#### Data extract
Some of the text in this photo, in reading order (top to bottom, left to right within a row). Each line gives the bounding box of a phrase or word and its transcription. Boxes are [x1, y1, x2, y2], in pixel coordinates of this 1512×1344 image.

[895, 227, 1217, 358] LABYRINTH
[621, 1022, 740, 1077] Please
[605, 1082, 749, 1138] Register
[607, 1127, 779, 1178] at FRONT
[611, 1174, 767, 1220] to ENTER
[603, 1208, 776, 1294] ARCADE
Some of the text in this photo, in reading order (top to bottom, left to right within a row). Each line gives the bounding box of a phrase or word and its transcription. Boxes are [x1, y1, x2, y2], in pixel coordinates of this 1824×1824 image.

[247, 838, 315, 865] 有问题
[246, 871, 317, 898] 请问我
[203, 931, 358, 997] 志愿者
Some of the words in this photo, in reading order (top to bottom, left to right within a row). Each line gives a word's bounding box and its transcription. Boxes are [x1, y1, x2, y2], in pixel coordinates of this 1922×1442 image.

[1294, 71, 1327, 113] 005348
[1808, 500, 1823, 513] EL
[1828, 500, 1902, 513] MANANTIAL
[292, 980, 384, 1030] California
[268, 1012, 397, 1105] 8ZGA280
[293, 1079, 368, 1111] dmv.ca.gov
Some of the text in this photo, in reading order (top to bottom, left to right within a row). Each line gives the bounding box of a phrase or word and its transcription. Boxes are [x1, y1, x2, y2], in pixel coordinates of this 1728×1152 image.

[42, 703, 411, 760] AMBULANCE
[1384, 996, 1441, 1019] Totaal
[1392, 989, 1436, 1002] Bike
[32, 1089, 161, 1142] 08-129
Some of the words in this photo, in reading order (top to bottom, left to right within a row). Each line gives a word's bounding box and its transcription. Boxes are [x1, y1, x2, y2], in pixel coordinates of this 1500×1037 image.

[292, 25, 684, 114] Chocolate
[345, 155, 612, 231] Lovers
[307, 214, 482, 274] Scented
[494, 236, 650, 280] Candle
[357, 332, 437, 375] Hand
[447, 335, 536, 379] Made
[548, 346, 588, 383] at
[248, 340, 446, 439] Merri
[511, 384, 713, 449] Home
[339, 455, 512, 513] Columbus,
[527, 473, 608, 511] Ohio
########
Each of the entries must be written out again exactly.

Some of the text in this photo, in reading order (top to bottom, left to right within a row). Each line gives the bounding box of a phrase or word and its transcription. Boxes are [x1, y1, x2, y2], in pixel coordinates of this 1512×1344 image.

[895, 227, 1217, 358] LABYRINTH
[621, 1022, 740, 1077] Please
[605, 1082, 749, 1138] Register
[607, 1127, 779, 1178] at FRONT
[611, 1174, 767, 1220] to ENTER
[603, 1208, 776, 1294] ARCADE
Some of the text in this photo, in reading order (top to bottom, left to right within a row). Each line gives the bounding box of a phrase or word and its transcription. Boxes are [x1, y1, x2, y2], in pixel coordinates of this 1824×1824 image.

[247, 838, 315, 865] 有问题
[246, 871, 317, 898] 请问我
[203, 931, 358, 997] 志愿者
Some of the words in this photo, in reading order (top to bottom, left to right within a row). Each line gives a word's bounding box and its transcription. Boxes are [x1, y1, x2, y2], in pixel coordinates of this 1922×1442 image.

[1294, 71, 1327, 113] 005348
[1808, 500, 1823, 513] EL
[1828, 500, 1902, 513] MANANTIAL
[292, 980, 384, 1030] California
[268, 1012, 397, 1105] 8ZGA280
[293, 1079, 368, 1111] dmv.ca.gov
Some of the text in this photo, in reading order (top to bottom, left to right within a row). Each line gives the bounding box of a phrase or word and its transcription. Boxes are [x1, y1, x2, y2], in pixel coordinates of this 1728×1152 image.

[42, 703, 411, 760] AMBULANCE
[1384, 996, 1441, 1019] Totaal
[1392, 989, 1436, 1002] Bike
[32, 1089, 161, 1142] 08-129
Some of the words in this photo, in reading order (top to bottom, left to right within a row). Each line gives a word's bounding box and its transcription. Boxes are [x1, y1, x2, y2], in pixel coordinates of this 1500×1037 image.

[292, 25, 684, 114] Chocolate
[345, 155, 612, 231] Lovers
[307, 214, 482, 274] Scented
[494, 236, 650, 280] Candle
[357, 332, 437, 375] Hand
[447, 335, 536, 379] Made
[548, 346, 588, 383] at
[248, 340, 446, 439] Merri
[511, 384, 713, 449] Home
[339, 455, 512, 513] Columbus,
[527, 473, 608, 511] Ohio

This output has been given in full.